Reproduce the records word for word, apart from the images they contain.
INPUT DATA below:
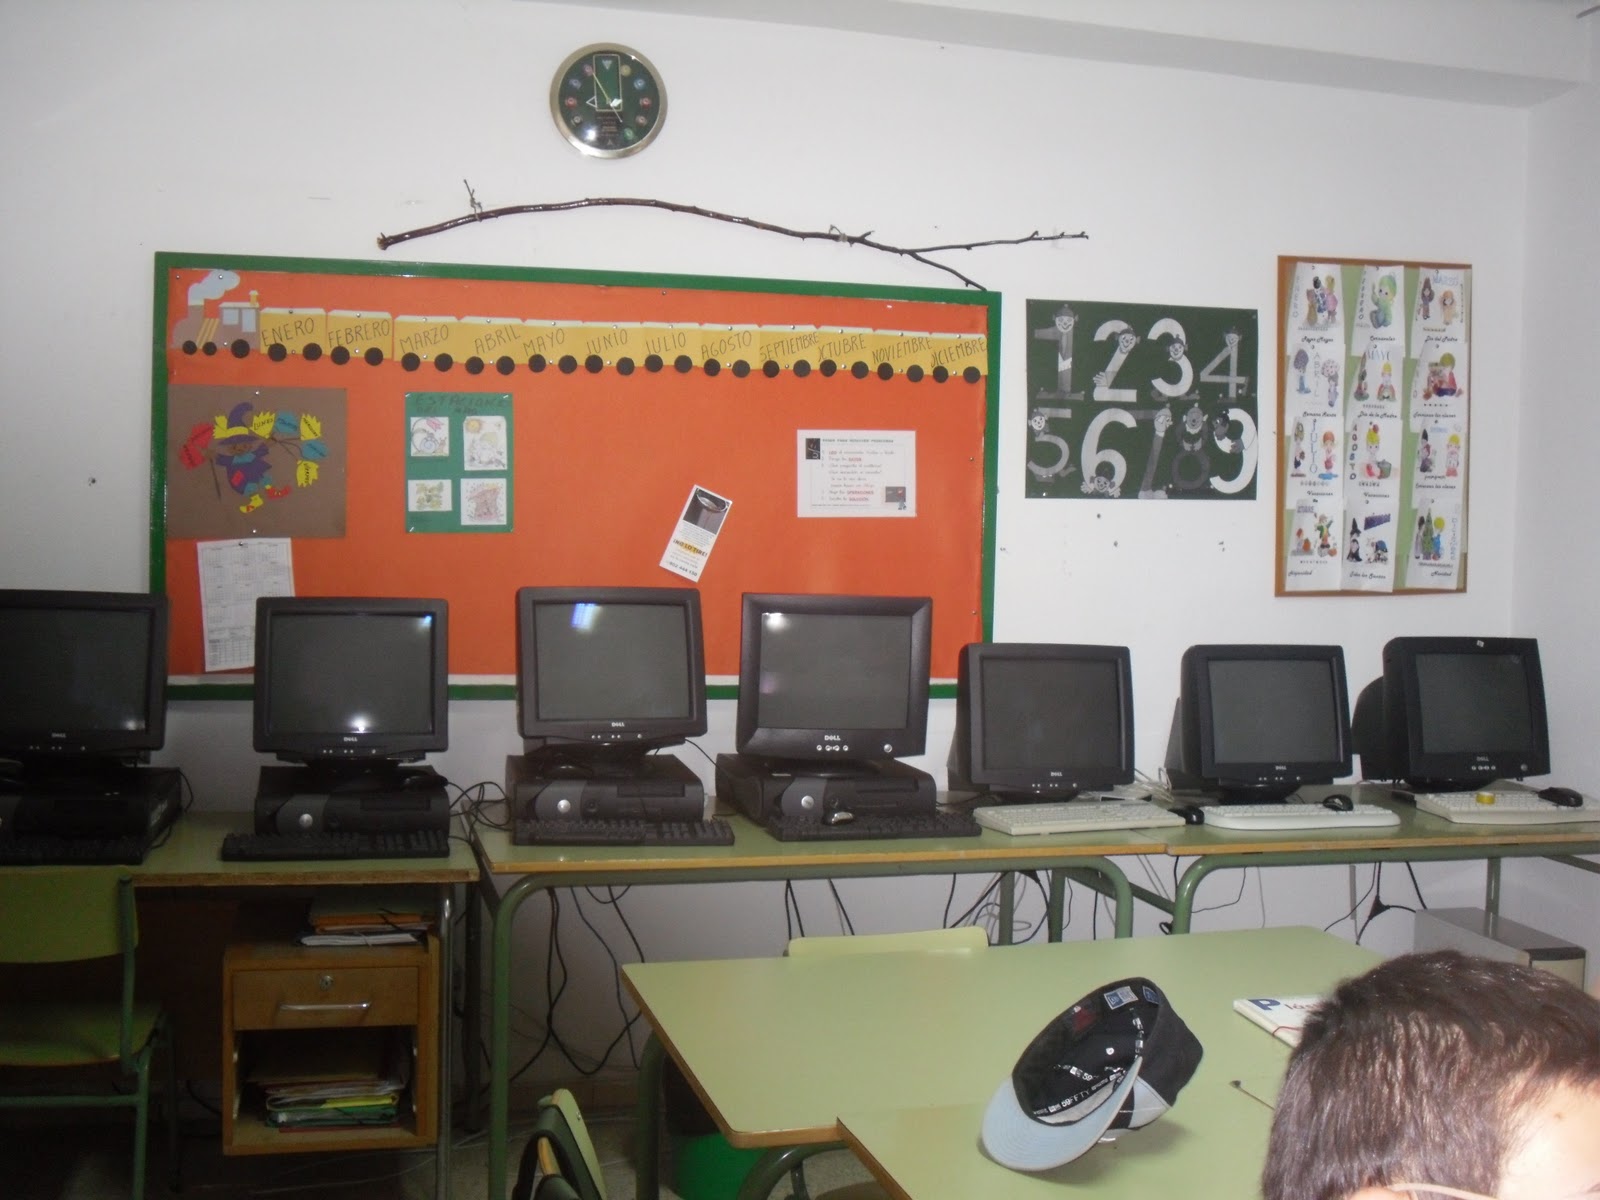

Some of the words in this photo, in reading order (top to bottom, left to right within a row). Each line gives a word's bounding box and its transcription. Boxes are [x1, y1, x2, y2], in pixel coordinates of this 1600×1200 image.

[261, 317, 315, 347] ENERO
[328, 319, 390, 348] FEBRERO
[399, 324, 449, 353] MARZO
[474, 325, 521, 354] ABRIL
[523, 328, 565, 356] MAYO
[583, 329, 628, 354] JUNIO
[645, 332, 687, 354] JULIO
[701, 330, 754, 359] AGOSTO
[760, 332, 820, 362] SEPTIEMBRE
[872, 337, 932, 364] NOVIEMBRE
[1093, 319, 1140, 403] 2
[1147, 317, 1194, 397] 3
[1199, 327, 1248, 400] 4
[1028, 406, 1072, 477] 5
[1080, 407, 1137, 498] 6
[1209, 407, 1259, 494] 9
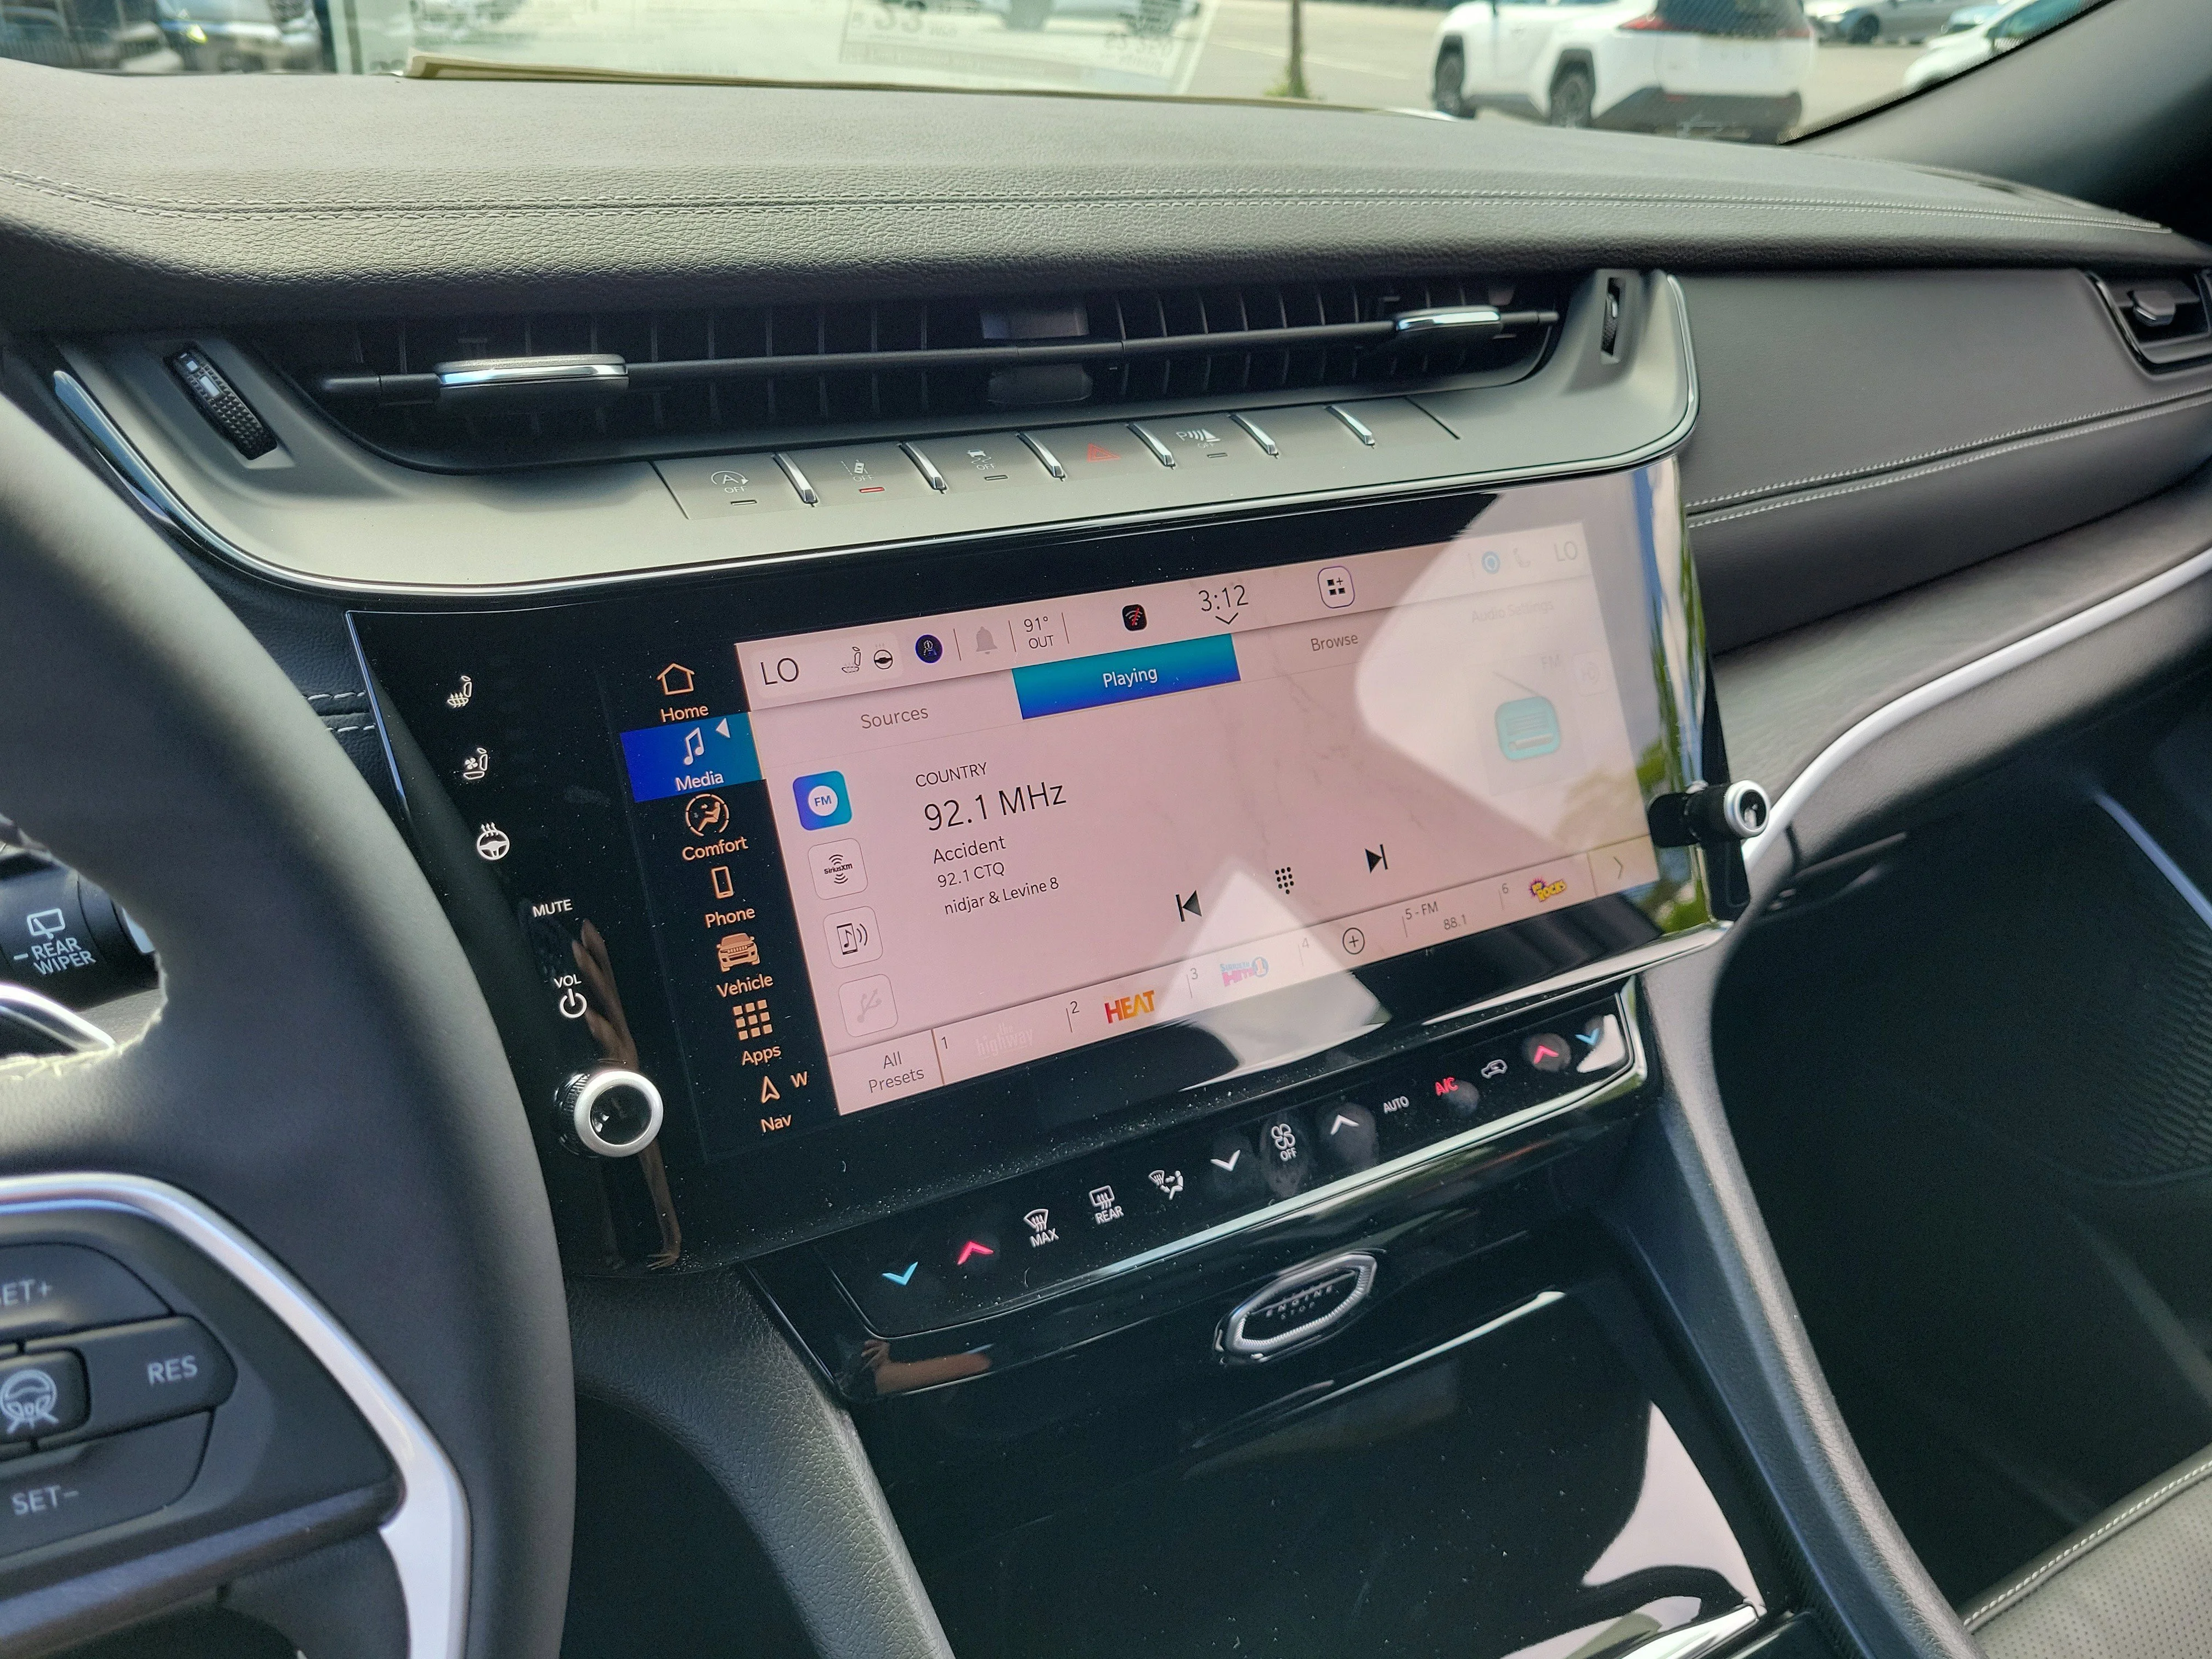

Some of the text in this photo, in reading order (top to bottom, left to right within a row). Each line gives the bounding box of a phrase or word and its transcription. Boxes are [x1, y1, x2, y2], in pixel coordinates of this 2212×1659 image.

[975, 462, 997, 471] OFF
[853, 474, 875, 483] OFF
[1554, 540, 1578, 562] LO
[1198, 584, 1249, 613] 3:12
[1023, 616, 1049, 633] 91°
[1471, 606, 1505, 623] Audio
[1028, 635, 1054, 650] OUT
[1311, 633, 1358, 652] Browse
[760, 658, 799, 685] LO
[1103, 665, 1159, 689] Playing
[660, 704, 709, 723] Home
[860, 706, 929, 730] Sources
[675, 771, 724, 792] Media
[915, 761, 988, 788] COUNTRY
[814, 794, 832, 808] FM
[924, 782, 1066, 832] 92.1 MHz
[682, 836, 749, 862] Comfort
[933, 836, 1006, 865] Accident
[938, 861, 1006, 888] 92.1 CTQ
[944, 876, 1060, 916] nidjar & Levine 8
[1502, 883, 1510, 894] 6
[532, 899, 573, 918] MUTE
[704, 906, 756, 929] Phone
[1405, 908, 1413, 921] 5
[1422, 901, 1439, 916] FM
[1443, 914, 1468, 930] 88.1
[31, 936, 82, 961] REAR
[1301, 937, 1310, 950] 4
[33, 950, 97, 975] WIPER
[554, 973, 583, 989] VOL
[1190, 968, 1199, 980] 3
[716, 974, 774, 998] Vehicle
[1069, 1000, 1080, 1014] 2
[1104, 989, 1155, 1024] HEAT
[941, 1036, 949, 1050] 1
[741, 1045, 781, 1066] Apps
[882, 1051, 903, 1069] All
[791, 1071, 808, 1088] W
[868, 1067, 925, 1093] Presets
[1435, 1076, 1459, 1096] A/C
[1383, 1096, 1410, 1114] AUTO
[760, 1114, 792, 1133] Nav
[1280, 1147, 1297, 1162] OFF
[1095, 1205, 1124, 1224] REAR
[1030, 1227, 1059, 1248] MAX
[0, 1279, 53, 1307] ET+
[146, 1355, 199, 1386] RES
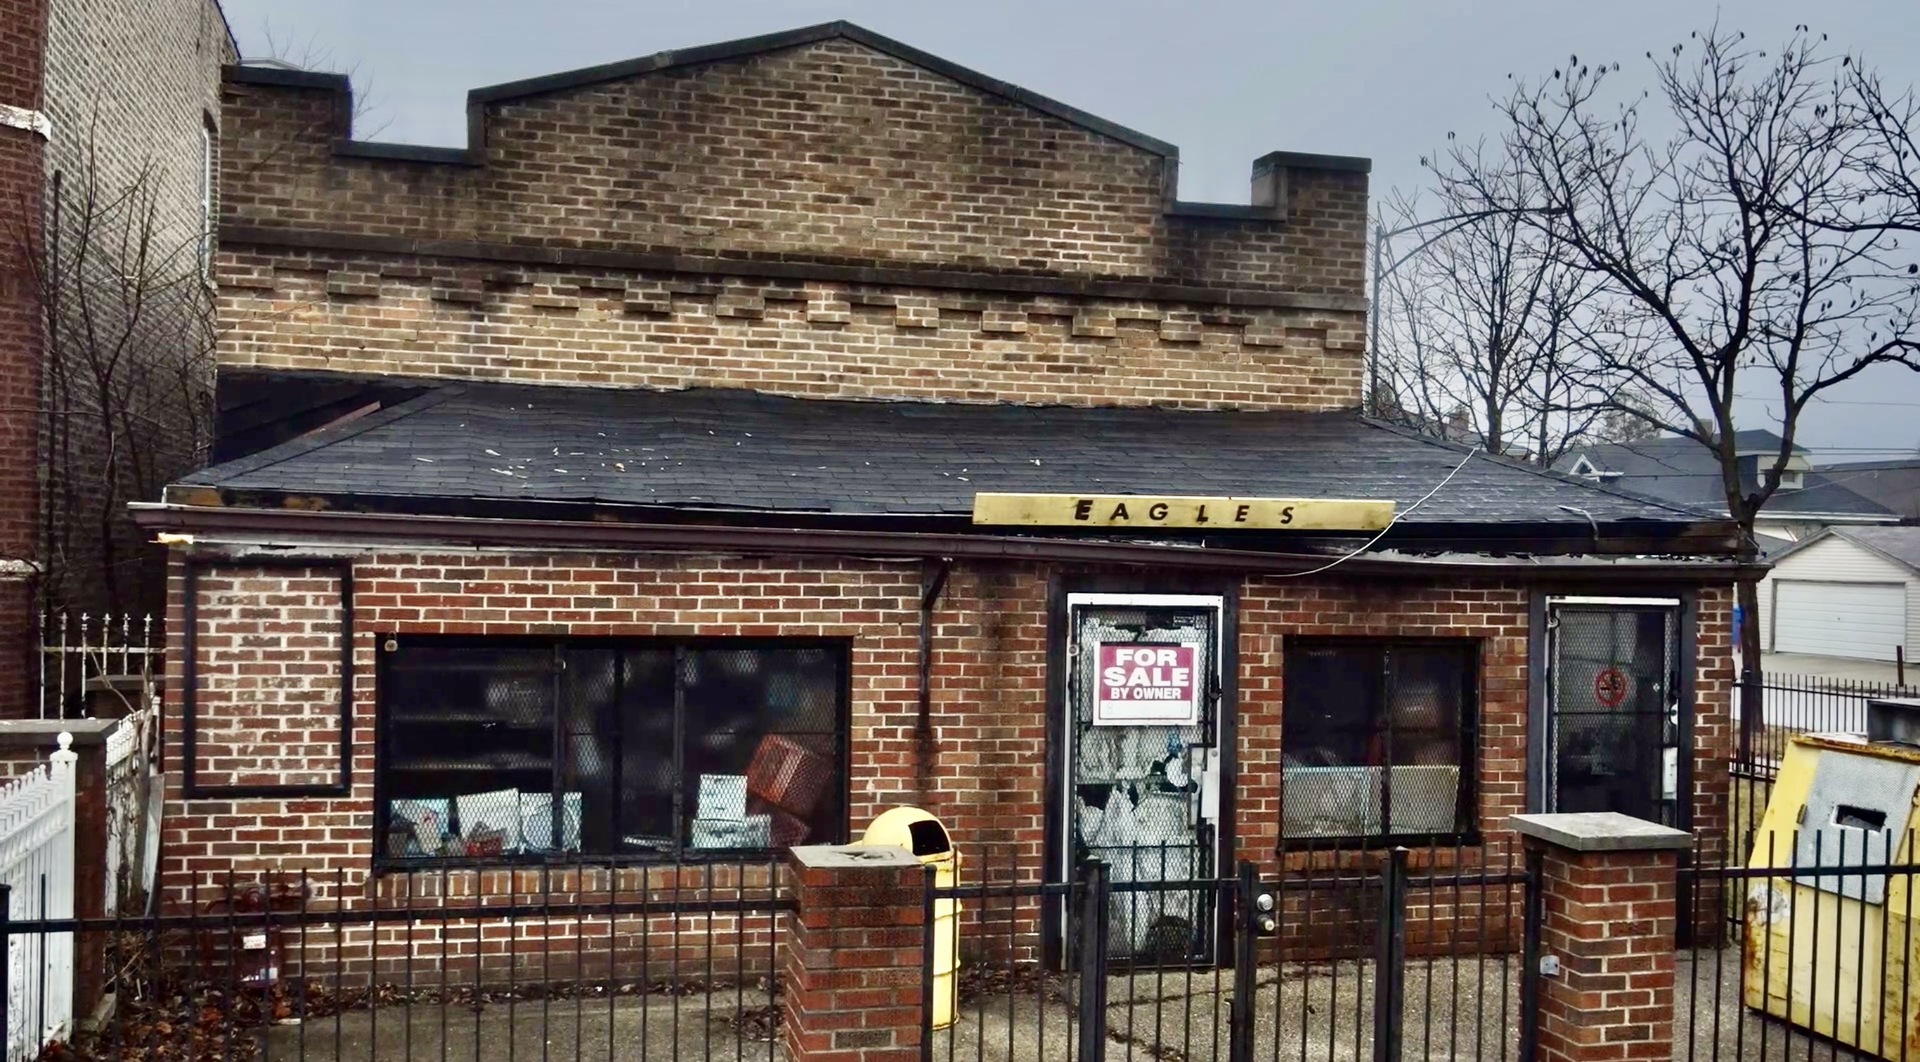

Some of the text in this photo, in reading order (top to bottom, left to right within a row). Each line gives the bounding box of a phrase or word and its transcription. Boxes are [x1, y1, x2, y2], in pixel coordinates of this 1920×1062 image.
End of INPUT DATA.
WRITTEN REPLY
Some of the words in this photo, in reading order (top to bottom, left to right within a row). Each line gives a word's bounding box and its transcription. Boxes are [x1, y1, x2, y2], in pixel coordinates of this 1600×1200 image.

[261, 317, 315, 347] ENERO
[328, 319, 390, 348] FEBRERO
[399, 324, 449, 353] MARZO
[474, 325, 521, 354] ABRIL
[523, 328, 565, 356] MAYO
[583, 329, 628, 354] JUNIO
[645, 332, 687, 354] JULIO
[701, 330, 754, 359] AGOSTO
[760, 332, 820, 362] SEPTIEMBRE
[872, 337, 932, 364] NOVIEMBRE
[1093, 319, 1140, 403] 2
[1147, 317, 1194, 397] 3
[1199, 327, 1248, 400] 4
[1028, 406, 1072, 477] 5
[1080, 407, 1137, 498] 6
[1209, 407, 1259, 494] 9

Some of the text in this photo, in reading order (top to bottom, left to right within a row). Each line gives the bounding box of a phrase or word and its transcription. Boxes are [x1, y1, x2, y2], in pixel coordinates of this 2212×1659 image.

[975, 462, 997, 471] OFF
[853, 474, 875, 483] OFF
[1554, 540, 1578, 562] LO
[1198, 584, 1249, 613] 3:12
[1023, 616, 1049, 633] 91°
[1471, 606, 1505, 623] Audio
[1028, 635, 1054, 650] OUT
[1311, 633, 1358, 652] Browse
[760, 658, 799, 685] LO
[1103, 665, 1159, 689] Playing
[660, 704, 709, 723] Home
[860, 706, 929, 730] Sources
[675, 771, 724, 792] Media
[915, 761, 988, 788] COUNTRY
[814, 794, 832, 808] FM
[924, 782, 1066, 832] 92.1 MHz
[682, 836, 749, 862] Comfort
[933, 836, 1006, 865] Accident
[938, 861, 1006, 888] 92.1 CTQ
[944, 876, 1060, 916] nidjar & Levine 8
[1502, 883, 1510, 894] 6
[532, 899, 573, 918] MUTE
[704, 906, 756, 929] Phone
[1405, 908, 1413, 921] 5
[1422, 901, 1439, 916] FM
[1443, 914, 1468, 930] 88.1
[31, 936, 82, 961] REAR
[1301, 937, 1310, 950] 4
[33, 950, 97, 975] WIPER
[554, 973, 583, 989] VOL
[1190, 968, 1199, 980] 3
[716, 974, 774, 998] Vehicle
[1069, 1000, 1080, 1014] 2
[1104, 989, 1155, 1024] HEAT
[941, 1036, 949, 1050] 1
[741, 1045, 781, 1066] Apps
[882, 1051, 903, 1069] All
[791, 1071, 808, 1088] W
[868, 1067, 925, 1093] Presets
[1435, 1076, 1459, 1096] A/C
[1383, 1096, 1410, 1114] AUTO
[760, 1114, 792, 1133] Nav
[1280, 1147, 1297, 1162] OFF
[1095, 1205, 1124, 1224] REAR
[1030, 1227, 1059, 1248] MAX
[0, 1279, 53, 1307] ET+
[146, 1355, 199, 1386] RES

Some of the text in this photo, in reading order (top to bottom, left to right within a row). Each line gives the bounding box of a phrase or word and its transcription. Boxes are [x1, y1, x2, y2], in pixel coordinates of this 1920×1062 image.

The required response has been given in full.